Additional information: \(\sum A^2 = 59520\) and \(\sum B^2 =56430 \).
Solution
As is the norm, start by stating the hypothesis:
$$H_0: µ_1 – µ_2 = 0\ \text{Vs}\ H_a∶ µ_1 – µ_2 ≠ 0,$$
We assume that the two samples have equal variances, are independent, and distributed normally. Then, under H0,
$$ \frac { \bar { B } -\bar { A } }{ S\sqrt { \frac { 1 }{ m } +\frac { 1 }{ n } } } \sim { t }_{ m+n-2 } $$
Note that the sample variance is given by:
$$s^2=\frac{\sum X^2 -n\bar{X}^2}{n-1}$$
So,
$$ \begin{align*} { S }_{ A }^{ 2 } & =\frac { \left\{ 59520-{ \left( 10\ast { 75 }^{ 2 } \right) } \right\} }{ 9 } =363.33 \\ { S }_{ B }^{ 2 } & =\frac { \left\{ 56430-{ \left( 10\ast { 72}^{ 2 } \right) } \right\} }{ 9 } =510 \\ \end{align*} $$
$$
Therefore,
$$ S^p_2 =\cfrac {(9 × 363.33 + 9 × 510)}{(10 + 10 -2)} = 436.665 $$
And
$$ \text{Test statistic} =\cfrac {(75 -72)}{ \left\{ \sqrt{439.665} × \sqrt{ \left(\frac {1}{10} + \frac {1}{10}\right)} \right\} }= 0.3210 $$
Our test statistic (0.3210) is less than the upper 5% point (1.734) of the t-distribution with 18 degrees of freedom.

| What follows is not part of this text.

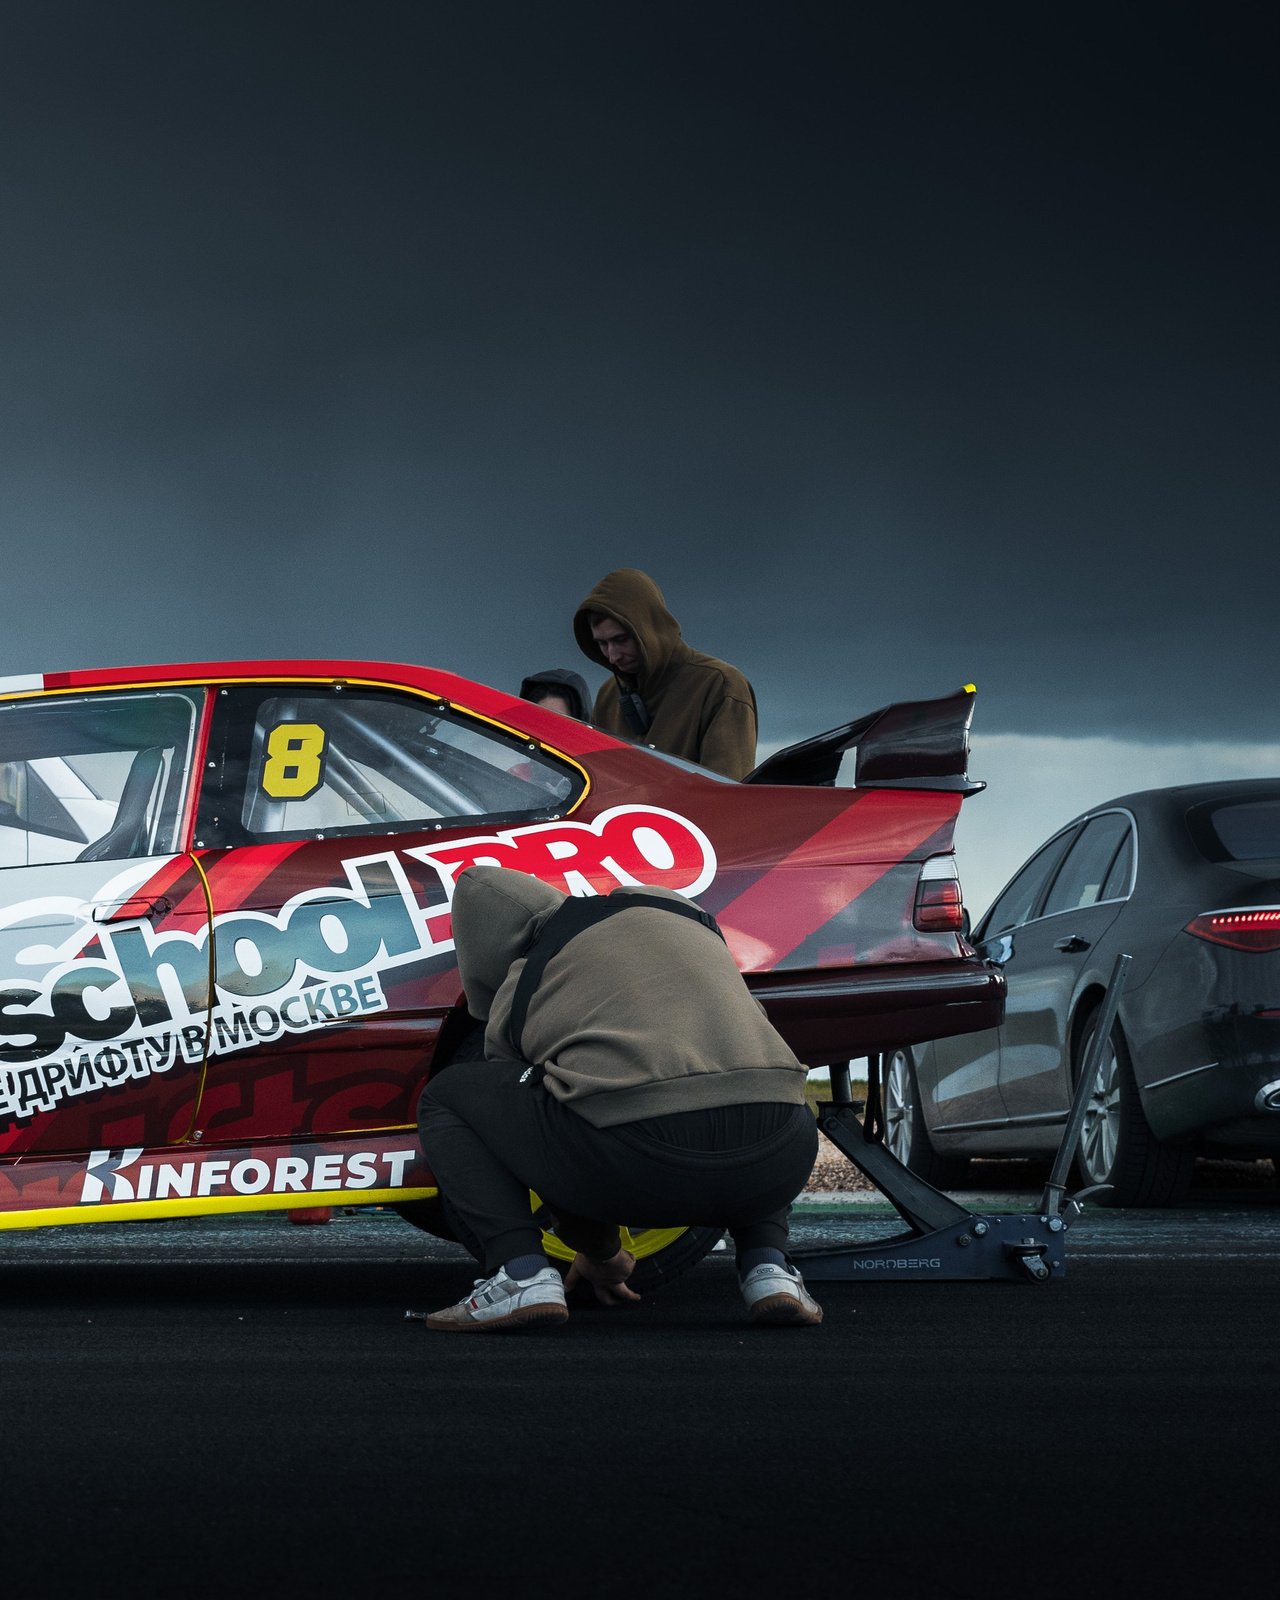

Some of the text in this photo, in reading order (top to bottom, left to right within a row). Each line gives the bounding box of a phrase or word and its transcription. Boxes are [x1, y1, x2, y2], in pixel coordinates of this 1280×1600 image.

Therefore, we do not have sufficient evidence to reject the H0 at 5% significance. As such, it is reasonable to conclude that the special diet has the same effect on body weight as the placebo.

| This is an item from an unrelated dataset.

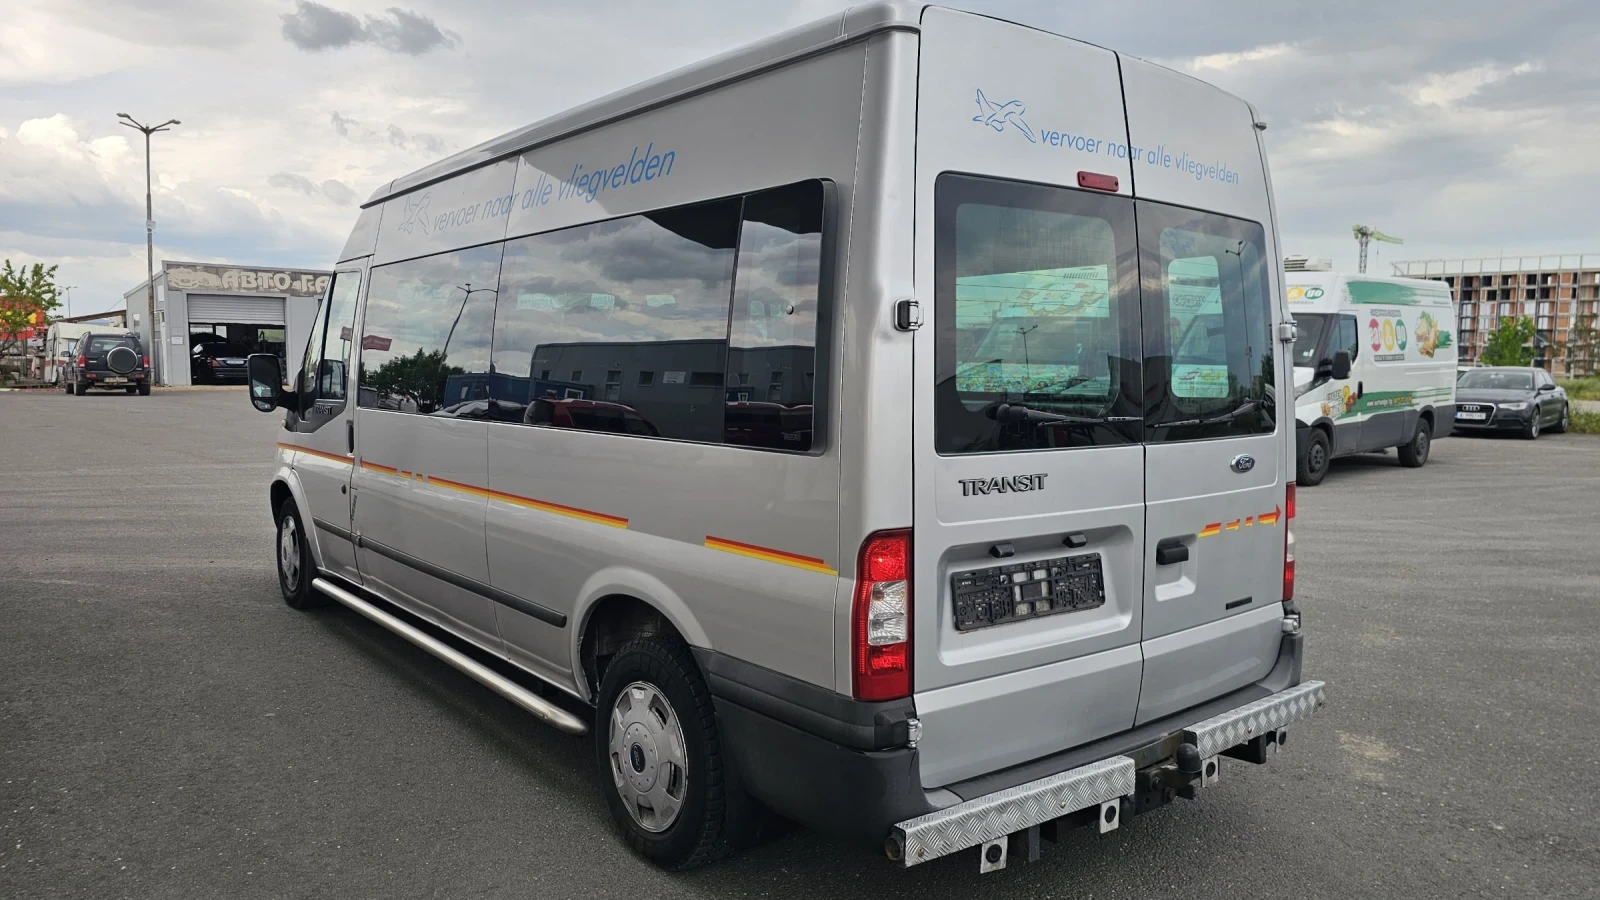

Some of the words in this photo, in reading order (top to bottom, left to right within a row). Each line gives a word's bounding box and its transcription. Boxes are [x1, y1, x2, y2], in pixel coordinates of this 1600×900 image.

Note to candidates: You could choose to work with the p-value and determine P(t18 > 0.937) and then establish whether this probability is less than 0.05. Working out the problem this way would lead to the same conclusion as above.
Suppose we replace ‘>’ with ‘≠’ in H1 in the example above, would the decision rule change?
Replacing ‘>’ with ‘≠’ in H1 would change the test from a one-tailed one to a two-tailed test. We would compute the test statistic just as demonstrated above. However, we would have to divide the level of significance by two and compare the test statistic to both the lower and upper 2.5% points of the t18-distribution (±2.101).
Since our test statistic lies within these limits (non-rejection region), the decision rule would, therefore, remain unchanged.